### Records for this task
+ + + + + + +
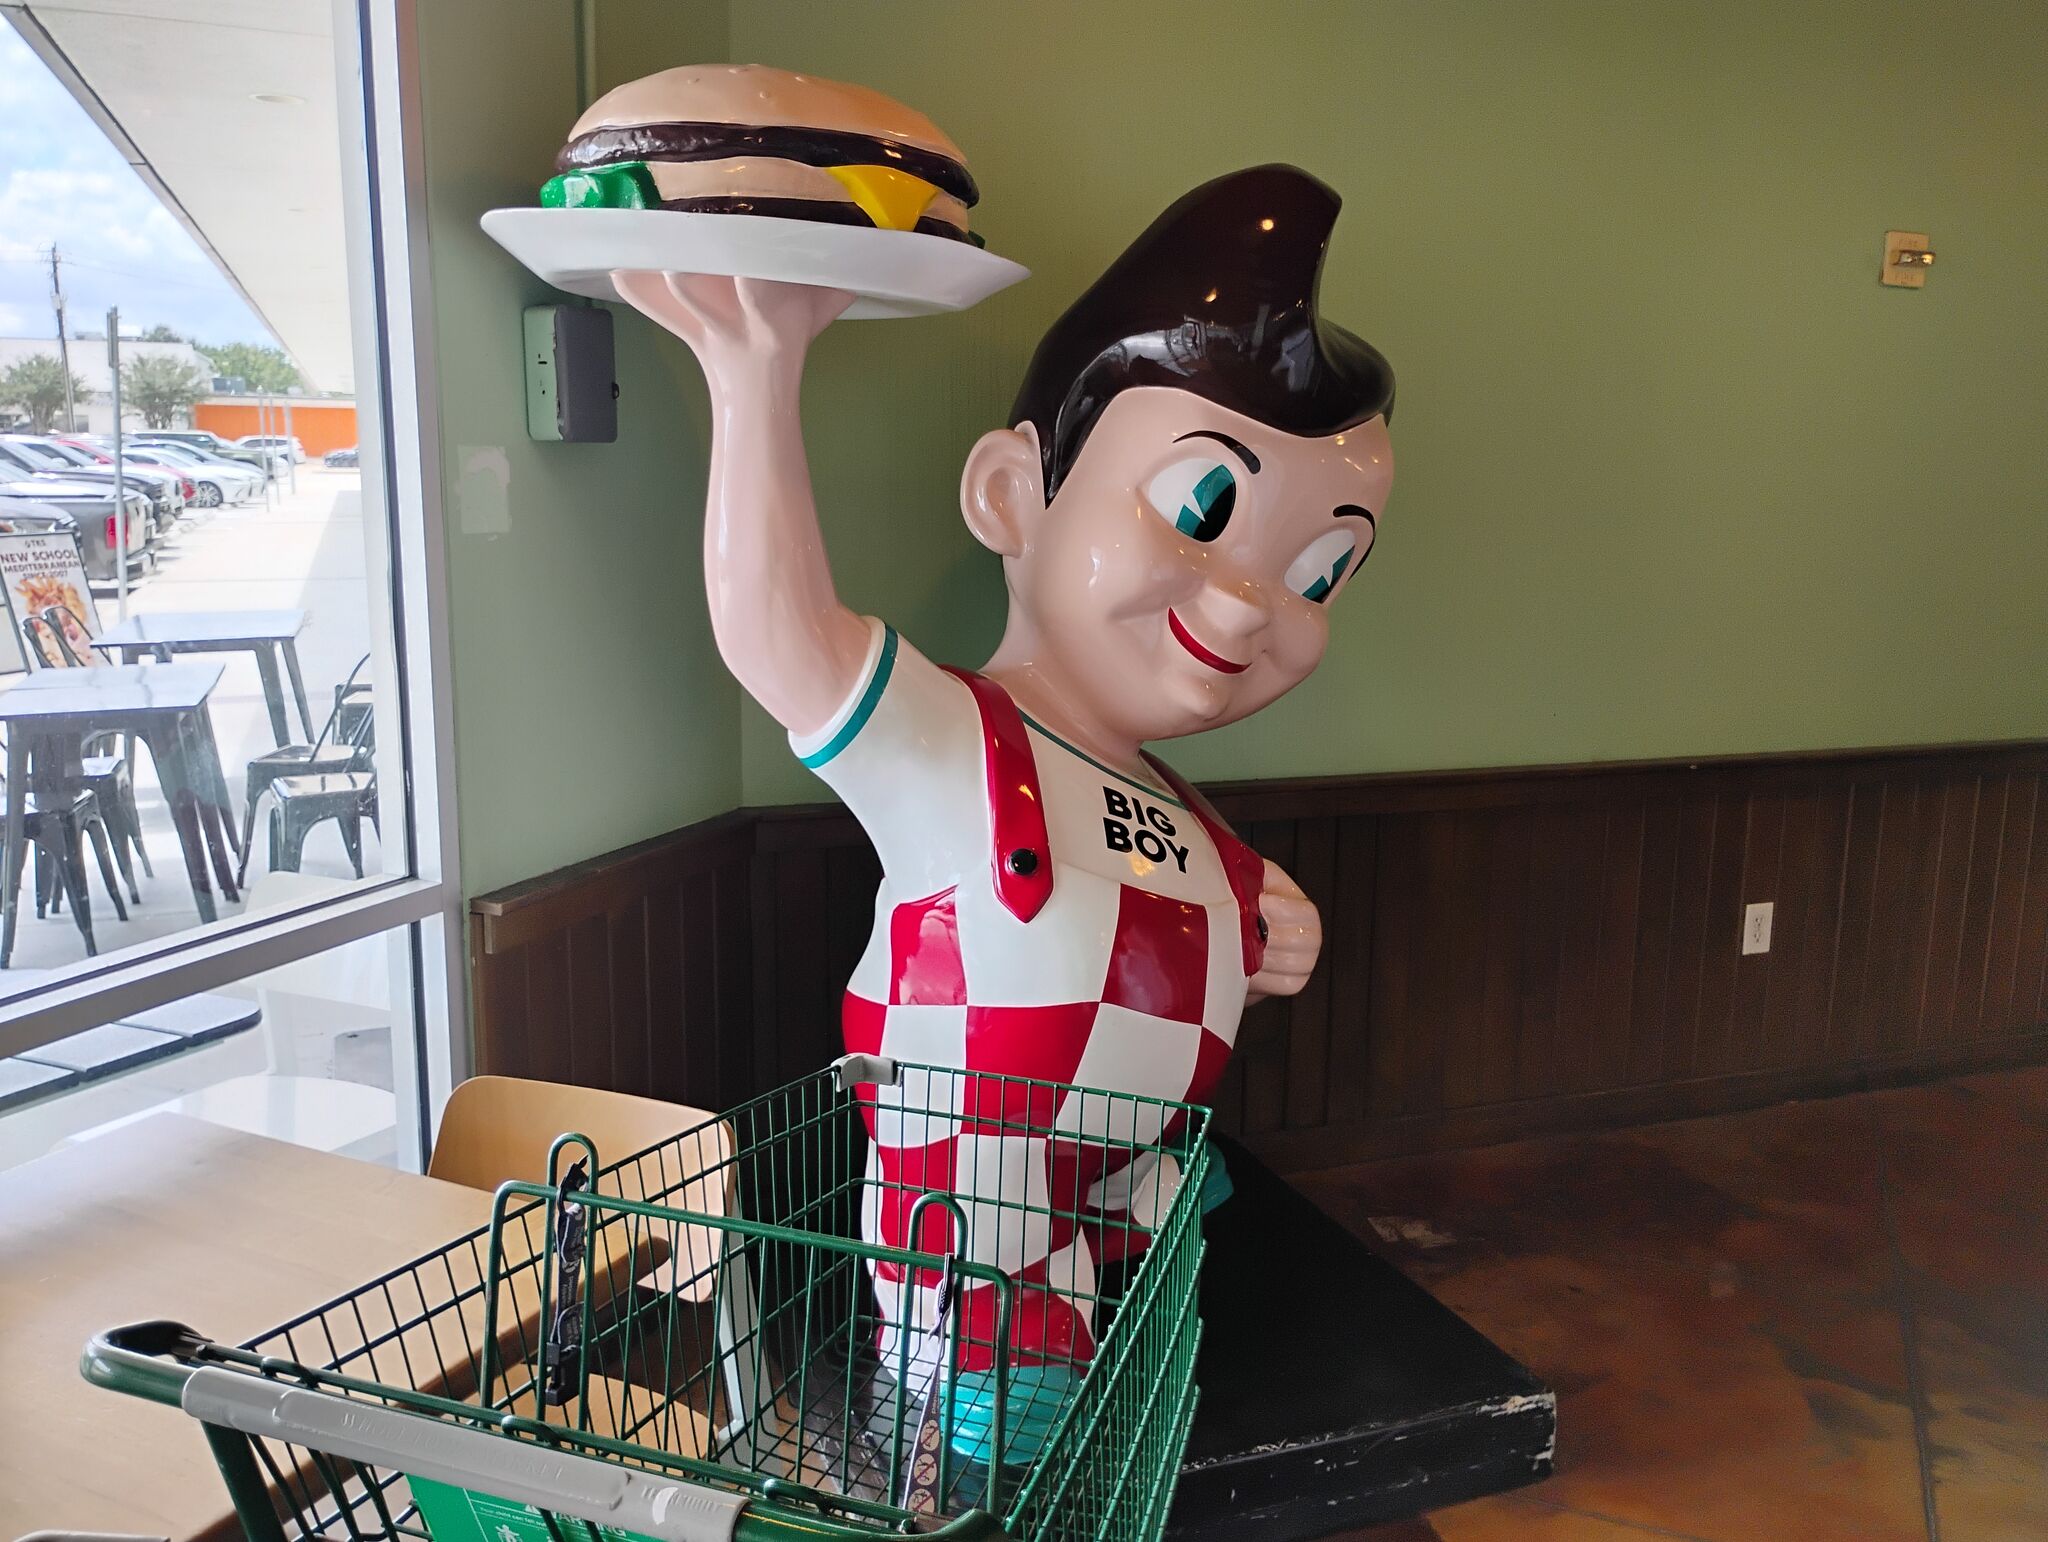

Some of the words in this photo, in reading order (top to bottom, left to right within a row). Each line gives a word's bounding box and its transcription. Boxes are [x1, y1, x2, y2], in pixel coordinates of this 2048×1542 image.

[0, 552, 28, 563] NEW
[32, 549, 78, 560] SCHOOL
[4, 561, 80, 573] MEDITERRANEAN
[1103, 786, 1176, 836] BIG
[1103, 817, 1189, 873] BOY
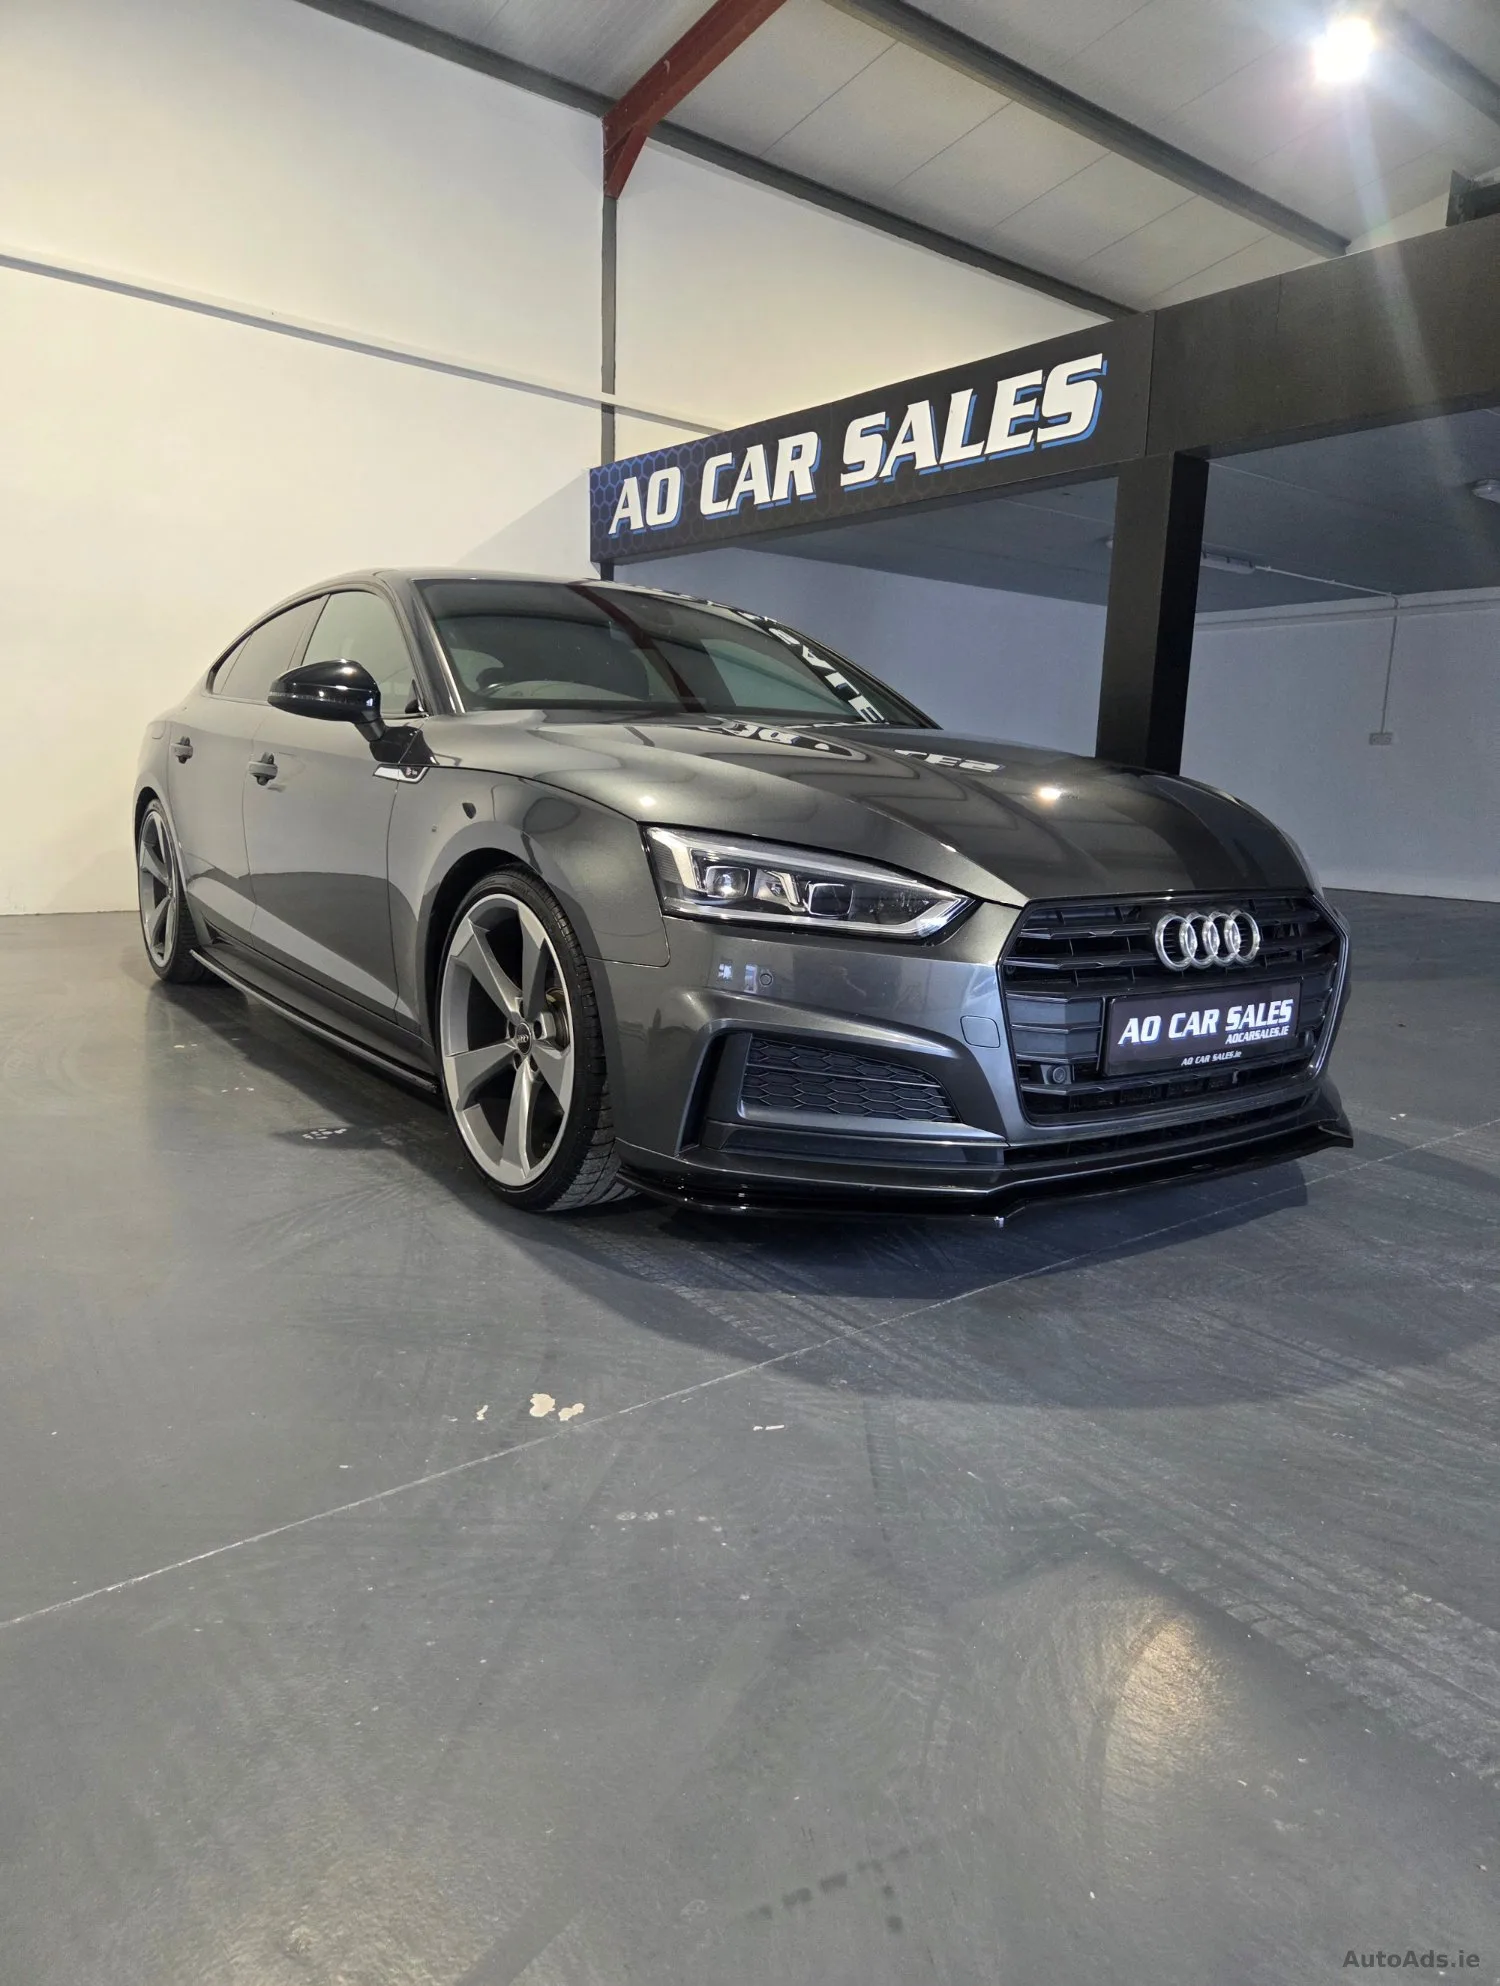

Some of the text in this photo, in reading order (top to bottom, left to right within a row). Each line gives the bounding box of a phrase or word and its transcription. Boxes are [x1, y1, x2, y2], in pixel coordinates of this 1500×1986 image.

[607, 353, 1106, 538] AO CAR SALES
[1117, 999, 1294, 1045] AO CAR SALES
[1224, 1025, 1290, 1045] AOCARSALES.IE
[1181, 1056, 1193, 1066] AO
[1195, 1054, 1210, 1064] CAR
+ + + + + + +
### Task details
Could you reproduce, exactly as written, the lines running from the one with "Some of the text" to the end of the entries above?

### Answer to the problem
Some of the text in this photo, in reading order (top to bottom, left to right within a row). Each line gives the bounding box of a phrase or word and its transcription. Boxes are [x1, y1, x2, y2], in pixel coordinates of this 1500×1986 image.

[607, 353, 1106, 538] AO CAR SALES
[1117, 999, 1294, 1045] AO CAR SALES
[1224, 1025, 1290, 1045] AOCARSALES.IE
[1181, 1056, 1193, 1066] AO
[1195, 1054, 1210, 1064] CAR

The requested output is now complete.